January 13, 2022 at 2:30pm
Dane Lisser

MU professor offers insight into James Webb Space Telescope

Christmas 2021 saw the launch of the James Webb Space Telescope (JWST) that now serves NASA as another eye in the sky.

A joint effort with the European Space Agency (ESA) and the Canadian Space Agency, the Webb observatory is NASA's revolutionary flagship mission to seek the light from the first galaxies in the early universe and to explore our own solar system, as well as planets orbiting other stars, called exoplanets.

On Jan. 8, NASA's James Webb Space Telescope team fully deployed its 21-foot, gold-coated primary mirror, successfully completing the final stage of the project.
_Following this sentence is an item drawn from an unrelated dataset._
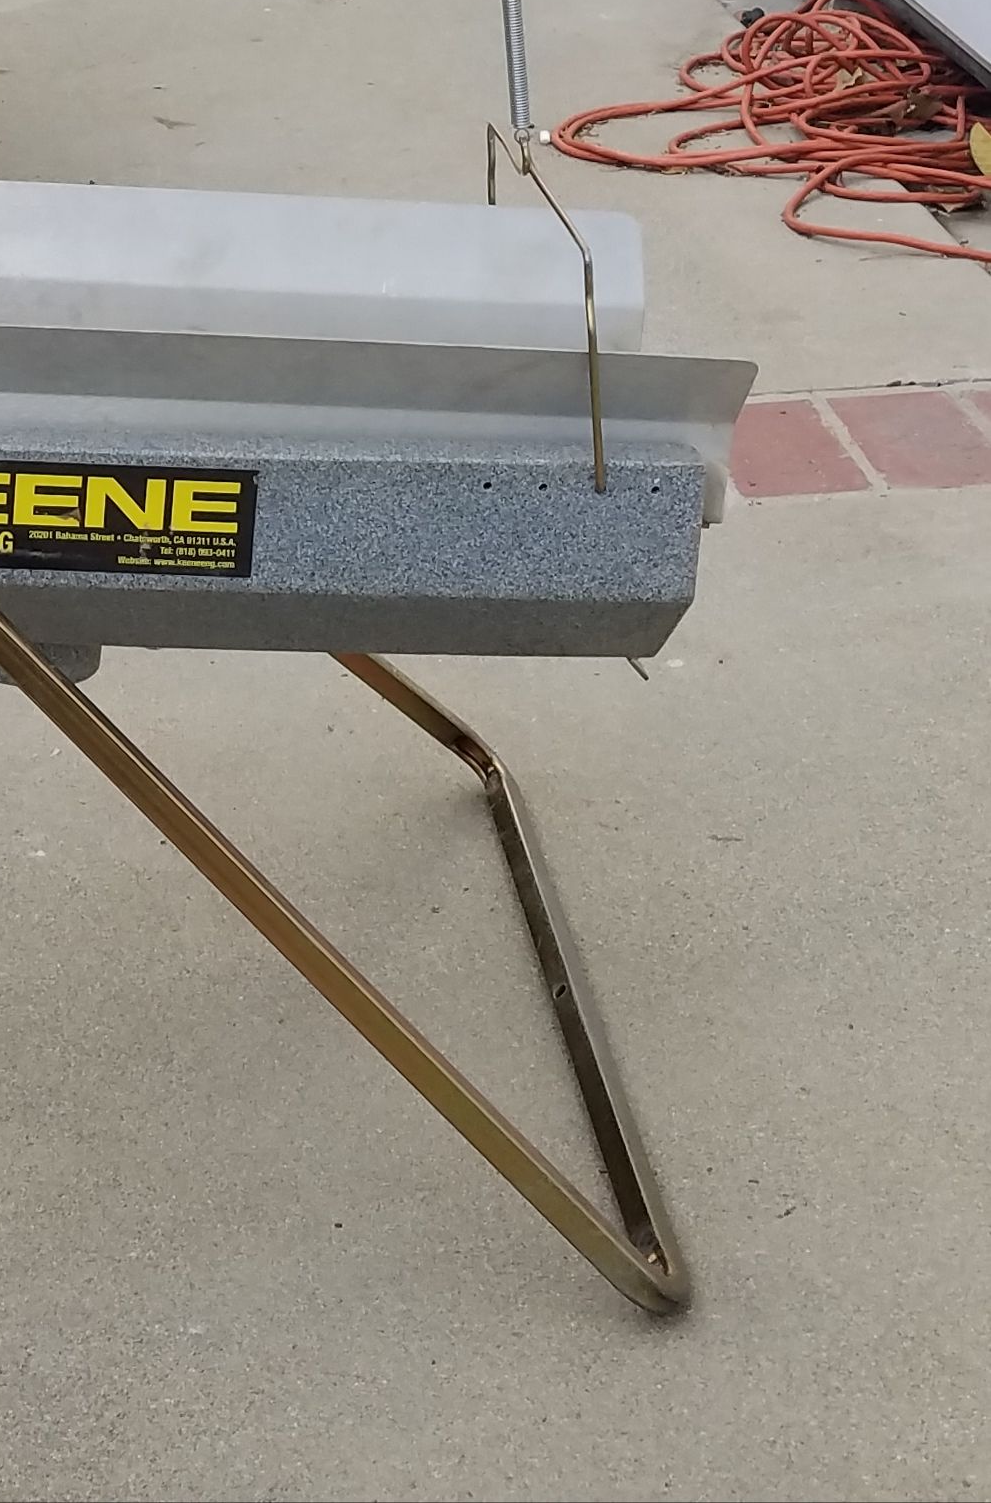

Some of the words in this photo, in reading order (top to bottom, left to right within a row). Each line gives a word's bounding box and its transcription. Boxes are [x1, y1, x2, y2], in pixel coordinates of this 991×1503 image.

In a recent interview with NowDecatur.com, Dr. Casey Watson, chair of the Physics & Astronomy Department at Millikin University, said, "This reminds me of the launch of the Hubble [Space Telescope]. There is a comparable level of excitement to what I saw and felt 32 years ago among both the astronomy community and the general public about our ability to learn vastly more about our cosmos."

The James Webb Space Telescope needed to unfold its sunshield and one of its two large mirrors to finish the deployment. It is considered to be the most powerful telescope ever launched into space.

"The telescope will revolutionize our understanding of when the first stars in the universe were formed, as well as provide more detailed information about planets orbiting other stars within our own galaxy, which may reveal signs of life," Watson said.

Watson added, "Much closer to home, however, the JWST will provide a much more comprehensive data set on near-Earth objects to see which are existential threats to the human race and give us as much time as possible to react to them."

Casey Watson Millikin University

Casey Watson

The James Webb Space Telescope is expected to stay in space for at least the next 20 years. The Hubble has the opportunity to work with the new telescope to better provide data.

Millikin University offers space-lovers a few ways to learn more and contribute to science and astronomy.

Watson noted, "Millikin offers 'The Planets' each spring … and 'Stars and Galaxies' each fall. One or both of these courses are sometimes offered if there is sufficient interest. Pre-pandemic, from the months of March to May and again from September to November, we opened up the Requarth Observatory for weekly Public Observation Nights. We hope to start those up again come this fall."

Housed on the fifth and sixth floors of the Leighty-Tabor Science Center on Millikin University's campus, the Requarth Observatory was built in 2000 and is the largest publicly available telescope in Illinois. All three 300 lb. support sections that hold the 20" (.5 meter) telescope were carried up six flights of stairs by hand. 

In addition to the main telescope, the Leighty-Tabor Science Center also features an observation deck on the fifth floor that surrounds the base of the dome. This observation deck provides the perfect platform to set up the smaller 8" telescopes that are commonly used in introductory astronomy classes.

Each semester, Millikin hosts Public Observation Nights in the Requarth Observatory to provide people on Millikin's campus and in the surrounding Decatur, Ill., community with access to some of the best astronomical equipment in the state. The observation nights have provided guests with views of distant galaxies, giant star clusters within the Milky Way, binary stars like Albireo, red super giants like Antares and Betelgeuse, blue super giants like Vega, not to mention outstanding close-ups of the solar system, including our Moon, Mercury, Venus, Mars, Jupiter and its four largest (Galilean) moons, Saturn's rings and two of its largest moons, Uranus, Neptune and even the dwarf planet, Pluto.